Ferragosto

Ferragosto, August 15th, is the D-Day of vacation season in Italy, the day when everyone who is in any way mobile gets out of the big cities and heads to the mountains, the beaches… anywhere but home. The month of August is itself pretty much a writeoff in Italy, and the middle of August is the apex of the whole phenomenon. It’s a holiday, nominally the Catholic festival of “The Assumption of Mary“, but it’s not in the slightest a day for churchgoing. Apparently, even in Roman times, there was a holiday on approximately the same date.

Some Italians will tell you that everyone takes August off because it’s so hot, but the truth is that July is a hotter month, and the first heat wave, which usually hits in June, is the harshest, because it’s often still quite humid, and you’re not used to the heat yet. The real reason that August is vacation month is that once upon a time, when business revolved firmly around factories, it made sense for everyone to take the same time off, and it fed on itself. Even in the modern internet-book-delivery business where I last worked in Italy, many of the people who sold us books which we sold on to consumers were closed in August, so that even if we took orders, and wanted to stay open, the volume of books shipped dropped dramatically. It’s a chain reaction: if your suppliers are closed, you can’t really operate, so you close too. The cafe where everyone went for lunch then has no customers, so they close too, and so on, to the point where many people can’t do their jobs and so may as well go on vacation themselves.

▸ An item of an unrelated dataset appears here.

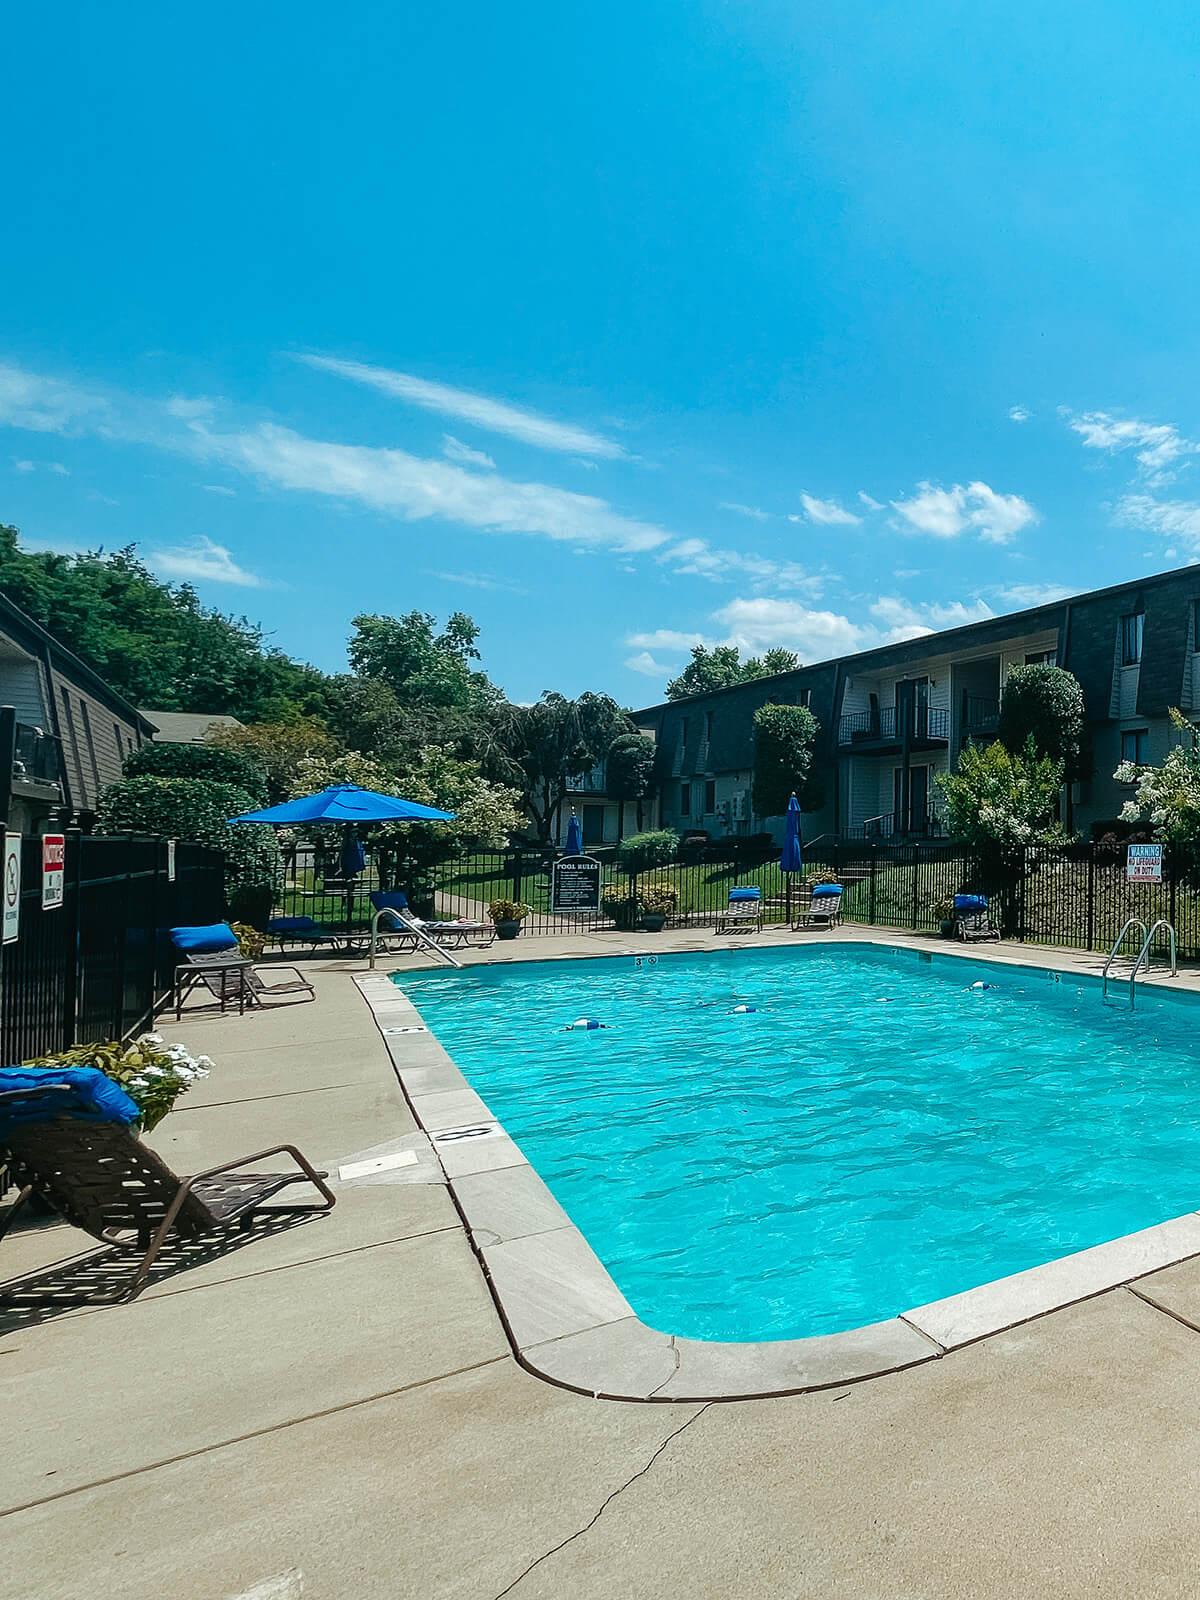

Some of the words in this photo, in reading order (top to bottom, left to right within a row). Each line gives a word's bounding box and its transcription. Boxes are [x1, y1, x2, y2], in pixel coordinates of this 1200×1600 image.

[1131, 847, 1159, 857] WARNING
[1136, 857, 1160, 866] LIFEGUARD
[1142, 866, 1154, 875] DUTY

Slowly, but surely, it’s changing, but I recall my first years in Italy, when nearly one out of every three shops were closed during the height of the vacation season. I recall reading about a hospital that wanted to farm out the patients in one wing to another nearby hospital, so that everyone could go on vacation.

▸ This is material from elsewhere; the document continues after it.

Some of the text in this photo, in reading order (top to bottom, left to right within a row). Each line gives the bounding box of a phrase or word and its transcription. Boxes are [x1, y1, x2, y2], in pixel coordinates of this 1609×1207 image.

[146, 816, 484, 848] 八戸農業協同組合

Not being one to follow the herd, I always enjoyed staying in Padova in August. It empties out, so that it feels like there’s more breathing room. It’s nice and summery, hot even, but not oppressively so, and it feels just a bit dryer than the muggiest days of June, when you often can’t see more than a few kilometers due to the sticky heat haze. And the pace of everything is quite relaxed for once; during the rest of the year, Padova is a very busy, even frenetic city, with a sense of “things to do” (well, outside of the public offices, but that’s another article for another day). People drive quickly, walk quickly, and are generally quite active. In August, though, all the bustle and activity relocates to the resort towns along the coasts, where you can go if you miss the traffic jams and fancy staying in a concrete box of a hotel built during the 60ies boom (that you will pay extra for in August). Empty Padova, on the other hand, felt like it was “mine”, with everyone gone. Some times of day, it was so deserted that I could have taken up the whole road to ride my bike along. One year, I went for a bicycle ride at lunch time on August 15th, already a time of day when traffic usually dies down some as everyone stops to eat, and I quite literally had the roads entirely to myself. I went an hour without seeing a car on roads where there is usually a fairly steady stream of them.

There’s also a sense of camaraderie – “survivorship” – for lack of a better word, amongst those who remain. Since everyone is gone, it’s often a good time to reconnect with those who you normally don’t see so often, and August’s hot, languid evenings are perfect for a nice, relaxing dinner amongst friends.